Re: [PATCH] rpcrdma: don't decref EP if a ESTABLISHED did not happen

Chuck Lever <chuck.lever@xxxxxxxxxx> · Sun, 5 May 2024 15:00:10 -0400

On Sun, May 05, 2024 at 09:36:28PM +0300, Dan Aloni wrote:
> On 2024-05-05 10:35:46, Chuck Lever wrote:
> > On Sun, May 05, 2024 at 03:49:10PM +0300, Dan Aloni wrote:
> > > We found a case where `RDMA_CM_EVENT_DEVICE_REMOVAL` causes a refcount
> > > underflow.
> > > 
> > > The specific scenario that caused this to happen is IB device bonding,
> > > when bringing down one of the ports, or all ports. The situation is not
> > > just a print - it also causes a non-recoverable state it is not even
> > > possible to complete the disconnect and shut it down the mount,
> > > requiring a reboot, suggesting that tear-down is also incomplete in this
> > > state.
> > > 
> > > The trivial fix seems to work as such - if we did not receive a
> > > `RDMA_CM_EVENT_ESTABLISHED`, we should not decref the EP, otherwise
> > > `rpcrdma_xprt_drain` kills the EP prematurely in from the context of
> > > `rpcrdma_xprt_disconnect`.
> > > 
> > > Fixes: 2acc5cae2923 ('xprtrdma: Prevent dereferencing r_xprt->rx_ep after it is freed')
> > 
> > Hi Dan, thanks for the bug report!
> > 
> [..]
> > Second, I wonder if, when bonding interfaces, there's an opportunity
> > for the verbs consumer to take an additional transport reference.
> > Cc'ing linux-rdma for input on that issue. Can you show a brief
> > diagram of when the ep reference count changes when bonding?
> 
> Not sure we need an additional reference here.
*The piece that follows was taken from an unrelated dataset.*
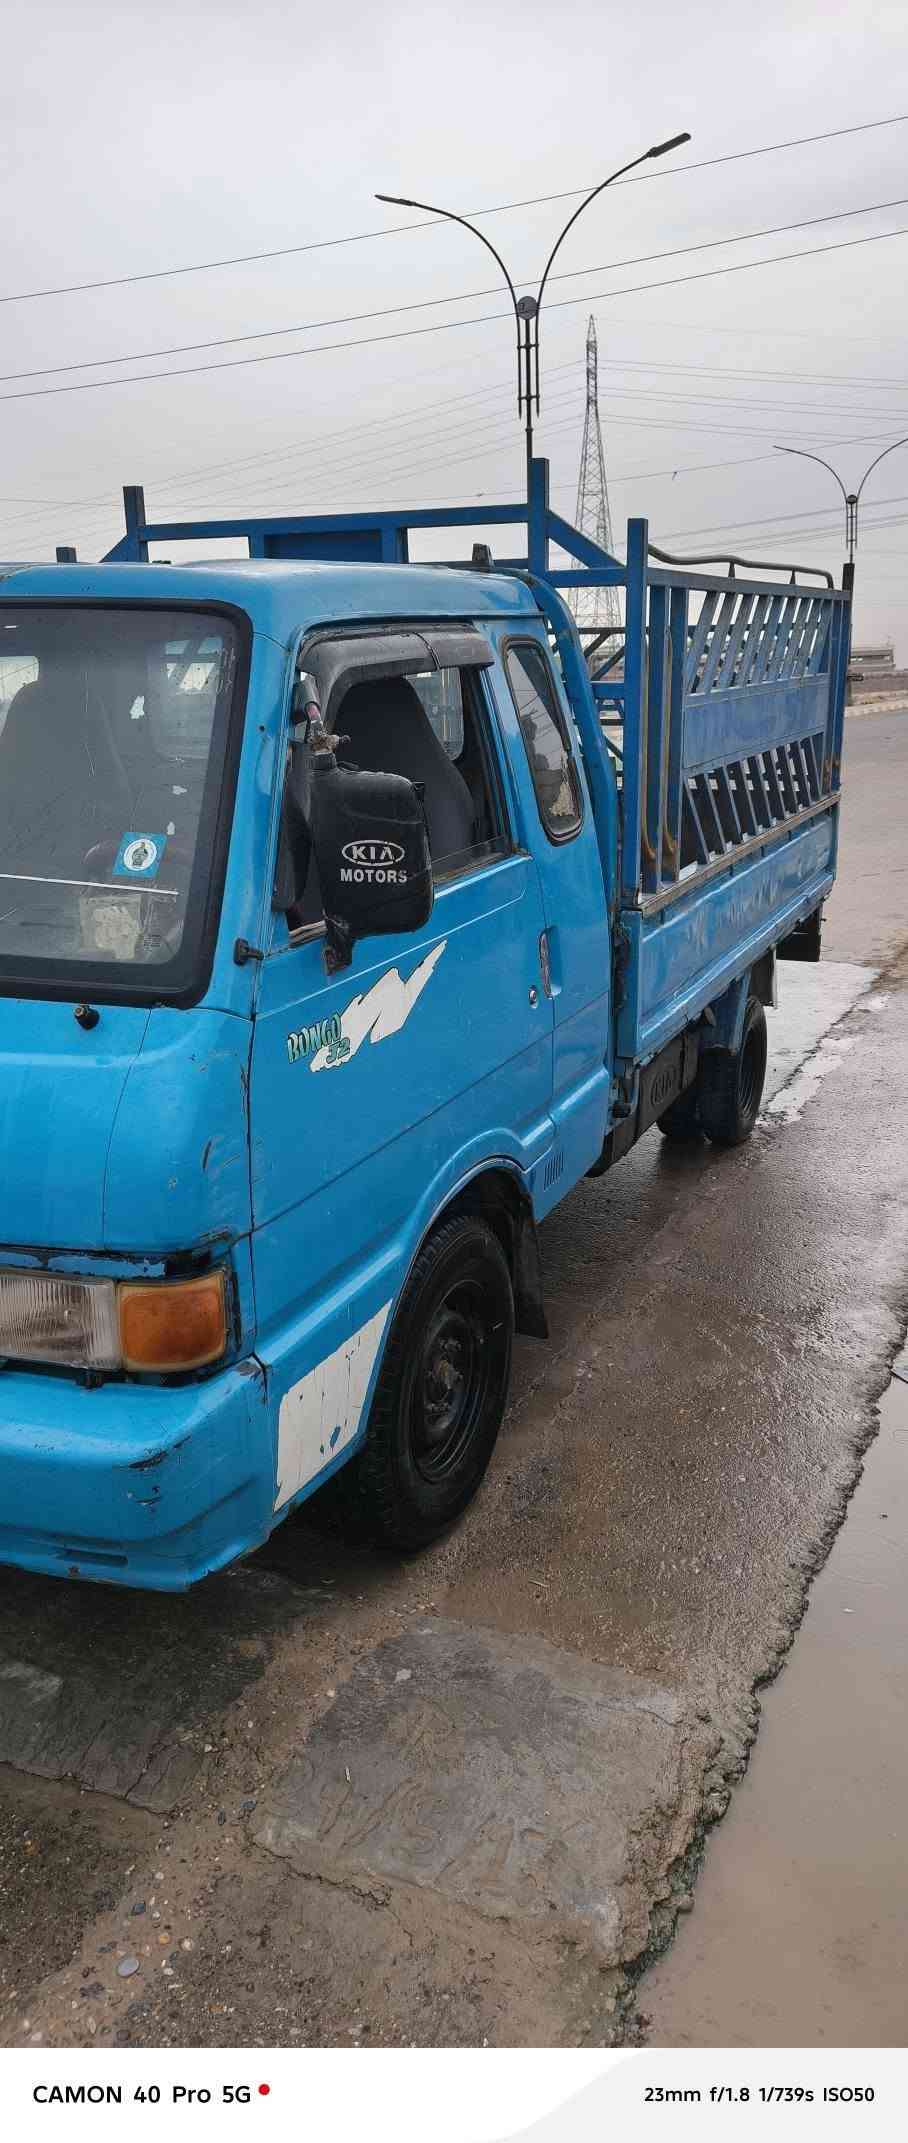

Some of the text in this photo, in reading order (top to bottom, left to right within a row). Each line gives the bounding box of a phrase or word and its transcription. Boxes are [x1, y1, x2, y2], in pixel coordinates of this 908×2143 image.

We already have two mechanisms in play:

- the ep reference count
- the re_connect_status value

I would prefer not to add a boolean here. Seems like
re_connect_status could do that job if we need it to.

I seem to recall that when a device is removed, the verbs consumer
doesn't get a DISCONNECT first. Or does it? Having a sequence of
CM events that you see in the bonded case would help a lot.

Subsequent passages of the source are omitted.